Following his business interest, Dr. Gilbert left academia to become chief executive officer of Biogen Inc. He ran the company for several years, but in a disagreement over management style, was dismissed by the company's board.
He later founded the Genome Corporation, a company whose purpose was to read all of the genes in the human genome. But the company failed after the stock market crash of 1987 and by 1988, perhaps spurred by Dr. Gilbert's challenge, the Federal Government began its Human Genome Project.

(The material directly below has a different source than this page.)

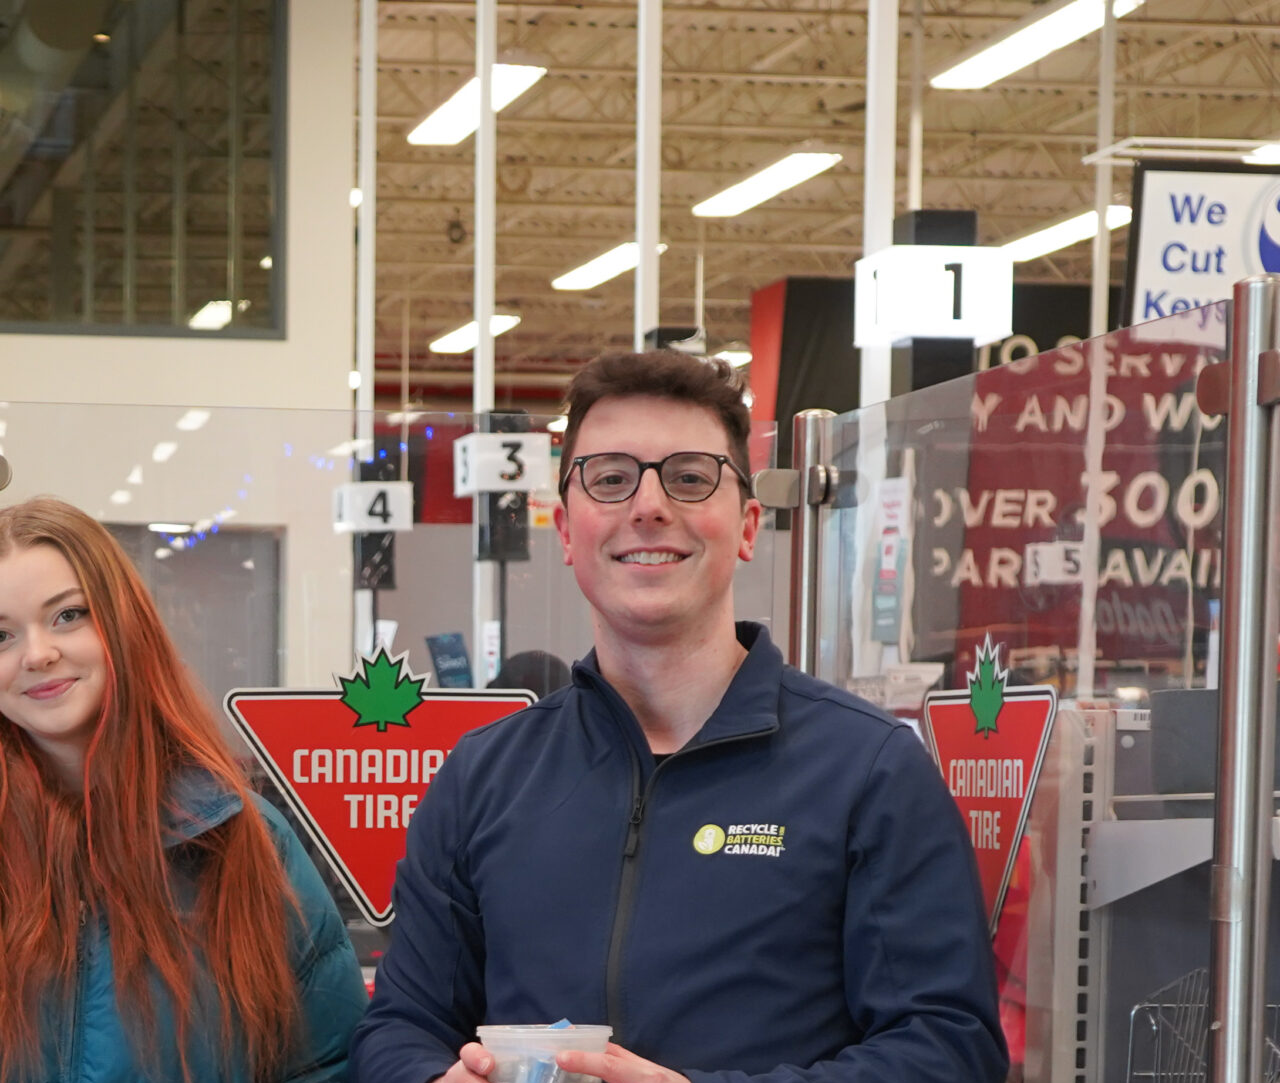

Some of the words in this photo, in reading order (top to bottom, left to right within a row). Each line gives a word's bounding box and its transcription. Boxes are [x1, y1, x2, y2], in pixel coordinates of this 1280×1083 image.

After a long career with an array of accomplishments behind him, Dr. Gilbert is now working at Harvard on the most difficult questions in biology. In his laboratory, young scientists like Sandra De Souz and Mayuan Long are carrying out experiments to probe the origin of the genes. If the genes are indeed composed of smaller modules formed at the dawn of life, it may be possible to figure out when each gene evolved. The theory may hold a practical consequence for drug design, because it may allow scientists to recognize and thus to manipulate, the different working parts within proteins.
Dr. Gilbert an dhis colleagues have developed interesting evidence in support of the "exon theory of genes." If genes were originally assembled Tinker Toy-style, some signs of the connectors and joints, as well as of the modules, should still be visible. One such sign is that since the genetic information is processed by the cell in groups of three letters at a time, the parts being mixed and matched needed to be in phase, since if the processing machinery gets out of step the genetic message will be garbled.
In a paper published last year, Dr. Gilbert and his colleagues reported finding just such evidence. In looking at 11,000 introns, they found that their ends were still most often "in phase" -- so they could snap together just as in ancient days.
Dr. Gilbert believes that he has recently found another faint signature of ancient exons in the structure of modern proteins. Many proteins have a complex architecture in which each region or module performs a different biochemical operation. If these modules are exons that have been repeatedly shuffled around in the course of evolution, then in the protein's gene the introns should still tend to be found at the points between the modules.
In a paper to be published next month in The Proceedings of the National Academy of Sciences, Dr. Gilbert, Dr. Long and Dr. De Souza say they have found that introns do indeed occur more often at the boundaries between modules, and that these modules seem to have come in four different sizes. The size pattern is what might be expected if the first exons were small, coding for 15 to 20 of the amino acid units of proteins, and if some later fused into double, triple or quadruple exons.
Critics are skeptical about the conclusions, noting that they rely on statistical arguments, and that these may not hold up as more data emerge from genome-sequencing projects.
Dr. Palmer of Indiana University says that genes do get shuffled but that it is not yet known when the shuffling mechanism first appeared. "New genes do arise by mixing and matching parts," Dr. Palmer said. "That part of Gilbert's theory has been borne out wonderfully. But the question is whether this kind of shuffling occurred in the primordial times to assemble the first sets of genes. For that, the evidence is not there."
Dr. Gilbert acknowledges that the data are not overwhelming, but notes that the flood of new data from genome sequencing projects will soon allow the theory to be put to a more exact test. "We are going to know the answers," he said tentatively. Then, with more conviction, he declared: "Yes. We are definitely going to know the answers."